The intervals is 6 minutes during peak hours, 8 minutes during off peak hours and 10 minutes in normal hours.

When line 6 started its operation, due to the passageway directly connecting 2 lines at and not being opened, transfer outside the station area is required. If using following QR code channels, Ningbo Rail Transit App, WeChat Pay, Alipay, passengers must transfer within 30 minutes once they exit from one of the 2 stations.

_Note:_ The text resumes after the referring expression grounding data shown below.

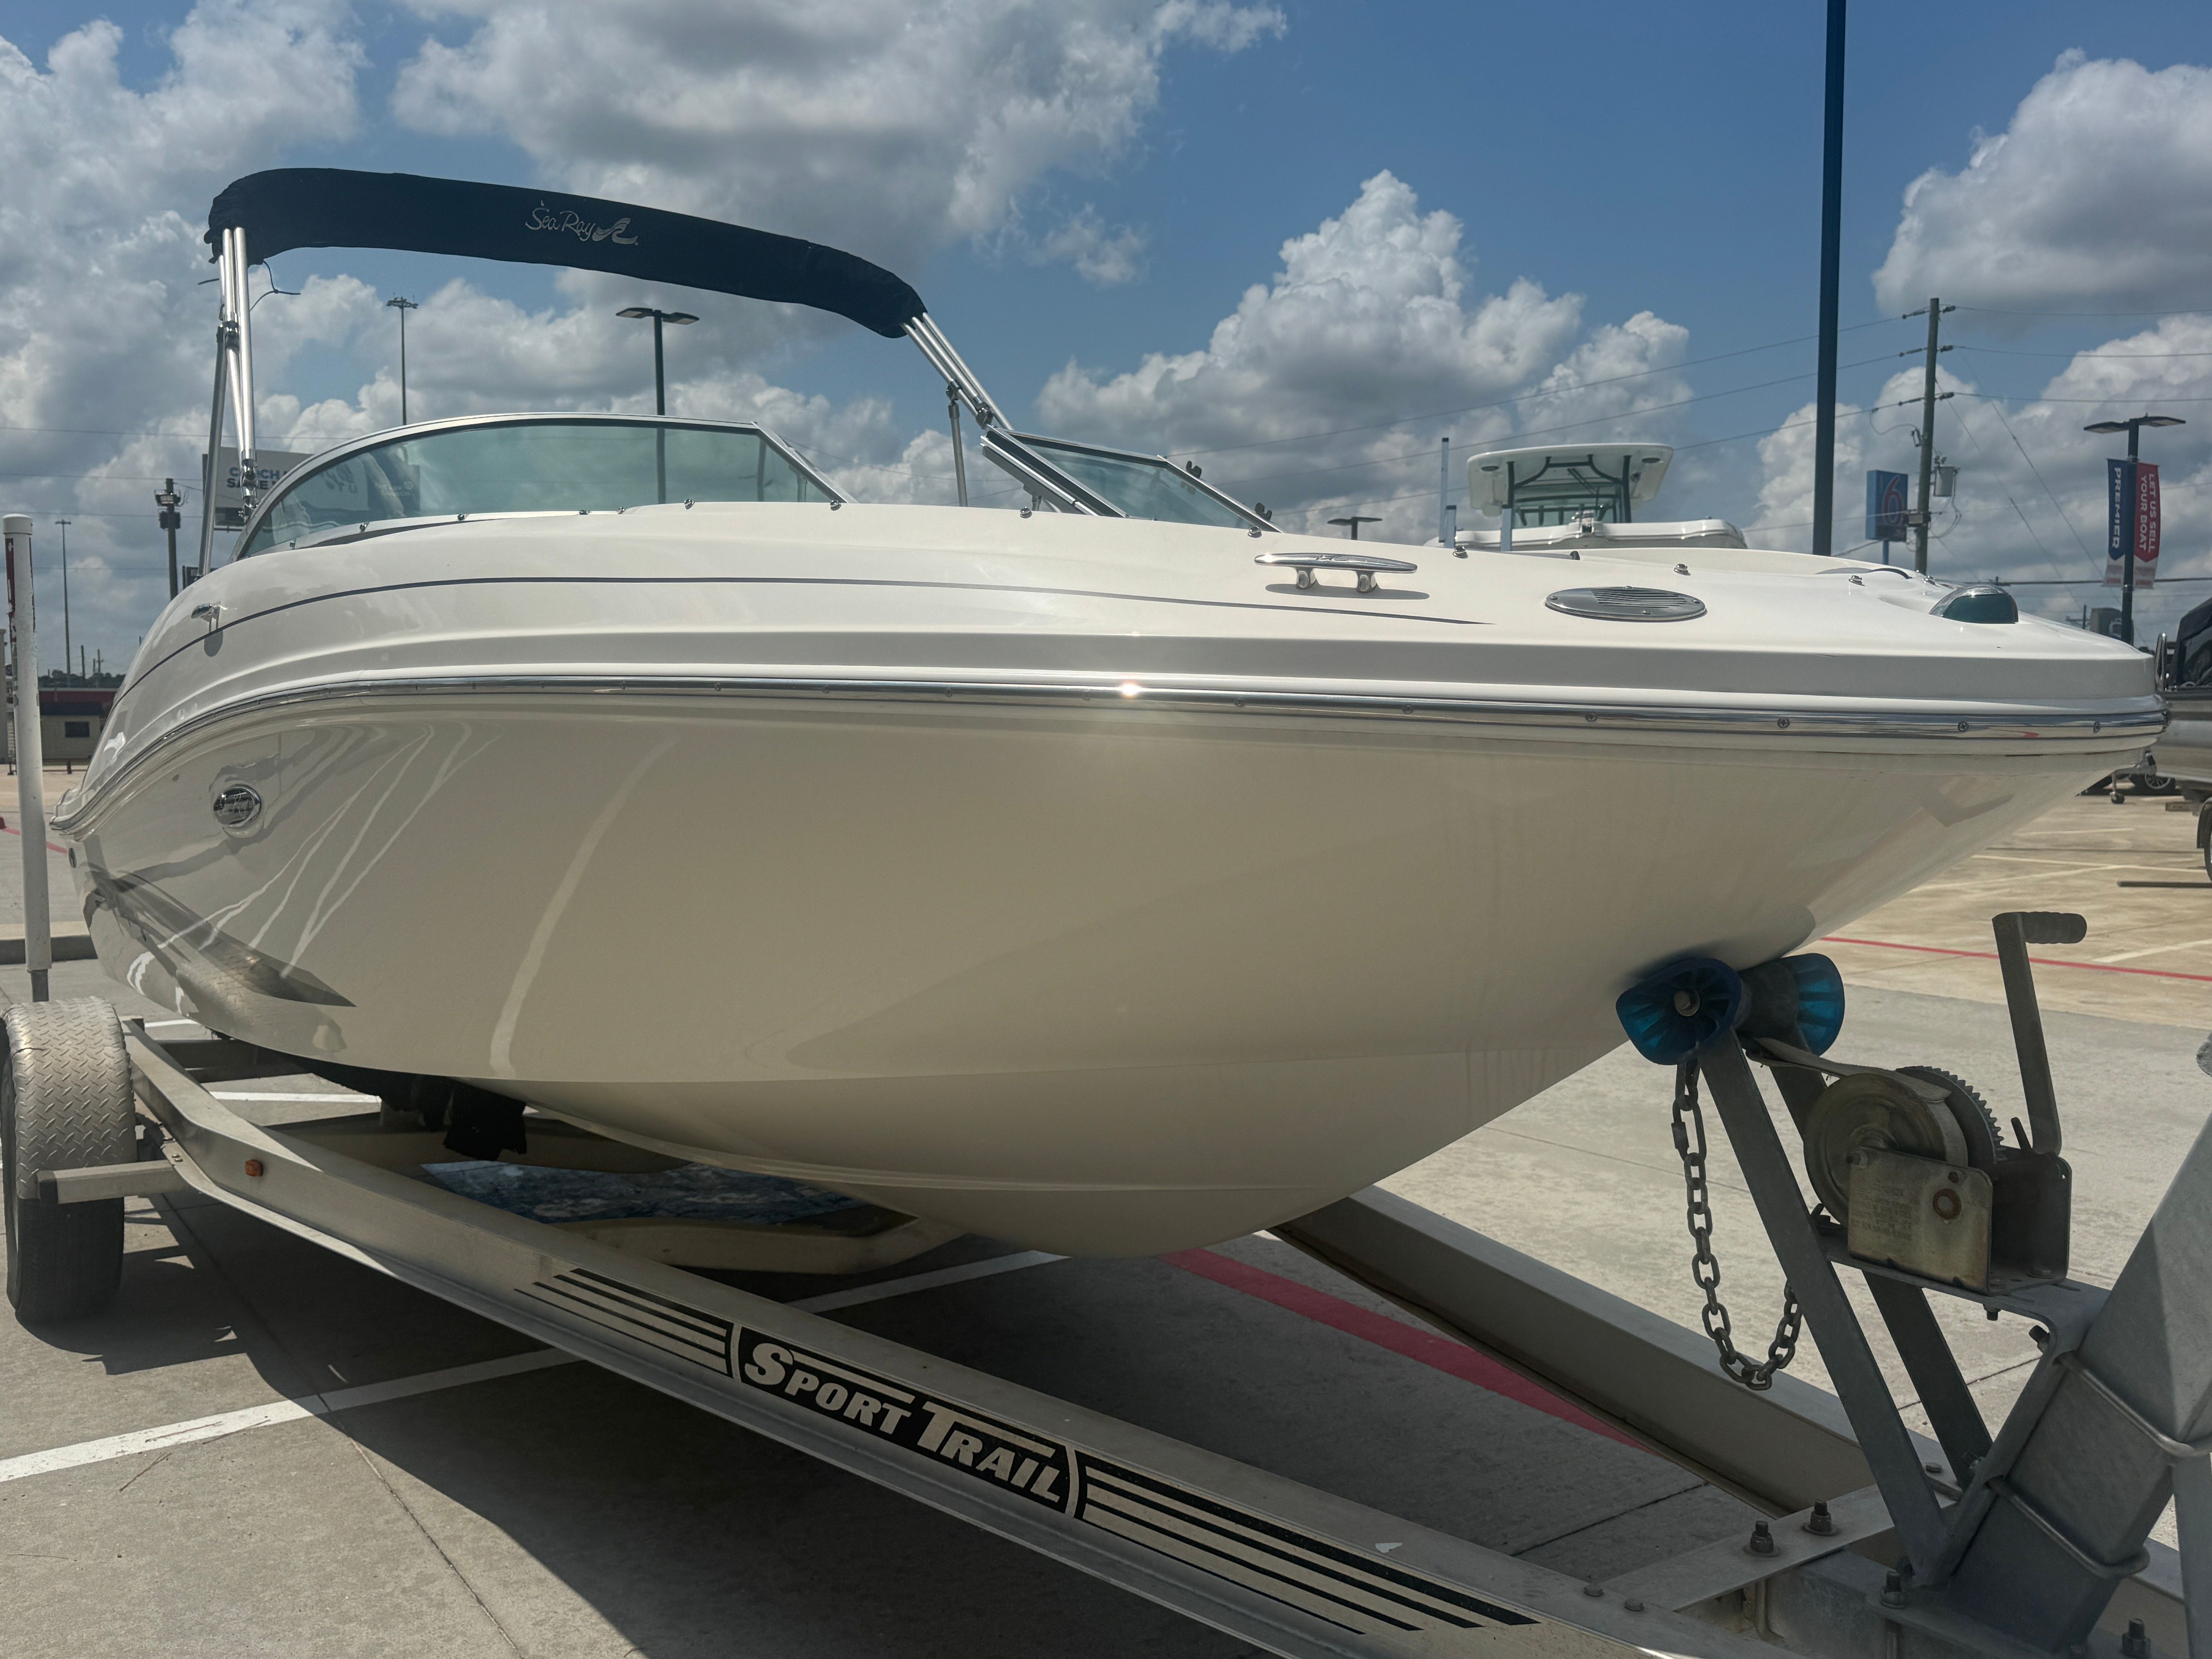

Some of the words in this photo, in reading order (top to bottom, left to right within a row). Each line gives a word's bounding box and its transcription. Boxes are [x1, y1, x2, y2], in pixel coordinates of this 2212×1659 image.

[525, 199, 560, 230] Sea
[560, 211, 596, 242] Ray
[229, 467, 280, 480] CCH
[1882, 475, 1904, 525] 6
[2112, 467, 2122, 549] PREMIER
[2149, 500, 2156, 518] US
[2139, 515, 2147, 551] BOAT
[744, 1342, 911, 1435] SPORT
[916, 1401, 1060, 1503] TRAIL

For passengers using single journey tickets or other IC cards, a "Ride Ticket" can be received when swiping their cards to leave the gate, and continue to the next trip with the "Ticket". On 1 June 2026, the transfer passageway of Zhengda Road was opened for service.

- OSI: Out of System Interchange

| Station name |  | Transfer | Service pattern |  | Distance km |  | Location |
| English | Chinese | Local | Express (Future) |
| Gulin | 古林 |  | ● | ● | 0.00 | 0.00 | Haishu |
| Yunlin West Road | 云林西路 |  | ● | - |  |  |
| Jishigang | 集士港 |  | ● | - |  |  |
| Huishi Road | 汇士路 |  | ● | - |  |  |
| Maimianqiao | 卖面桥 |  | ● | - |  |  |
| Songjiacao | 宋家漕 |  | ● | - |  |  |
| Wangchun Bridge | 望春桥 | 1 | ● | ● |  |  |
| Ningbo Traditional Chinese Medicine Hospital | 市中医院 | 8 | ● | ● |  |  |
| Cuibaili | 翠柏里 | 4 (currently OSI) | ● | ● |  |  |
| Xinzhi Road | 新芝路 |  | ● | - |  |
| Ningbo Grand Theater | 宁波大剧院 | 7 | ● | ● |  |  | Jiangbei |
| Zhengda Road | 正大路 | 2 | ● | ● |  |  |
| Qingfeng Bridge East | 庆丰桥东 |  | ● | - |  |  | Yinzhou |
| Minglou | 明楼 | 3 | ● | ● |  |  |
| Mingzhu Road | 明珠路 |  | ● | - |  |  |
| Canghai North Road | 沧海北路 |  | ● | - |  |  |
| Yuanshi Road | 院士路 | 5 | ● | - |  |  |
| Juxian Road | 聚贤路 |  | ● | - |  |  |
| Meixu | 梅墟 |  | ● | - |  |  |
| Xieshu | 谢墅 |  | ● | - |  |  | Beilun |
| Xiaogang West | 小港西 |  | ● | - |  |  |
| Yaqian | 衙前 |  | ● | - |  |  |
| Honglian | 红联 | 2 | ● | ● |  | 39.60 |

==Commemorative Products==
To celebrate Line 6 opening on 16 January 2026, Ningbo Rail Transit sold limited-edition commemorative tickets. Each person can only buy 2 sets, with each set consisting of 2 commemorative tickets, per day. Each ticket has only 15 rides total. In parallel with sold commemorative ticket sets, Ningbo Rail Transit also sold building blocks which look similar to the appearance of the Line 6 train. The building blocks are divided into 2 sets: Mini train and Small train.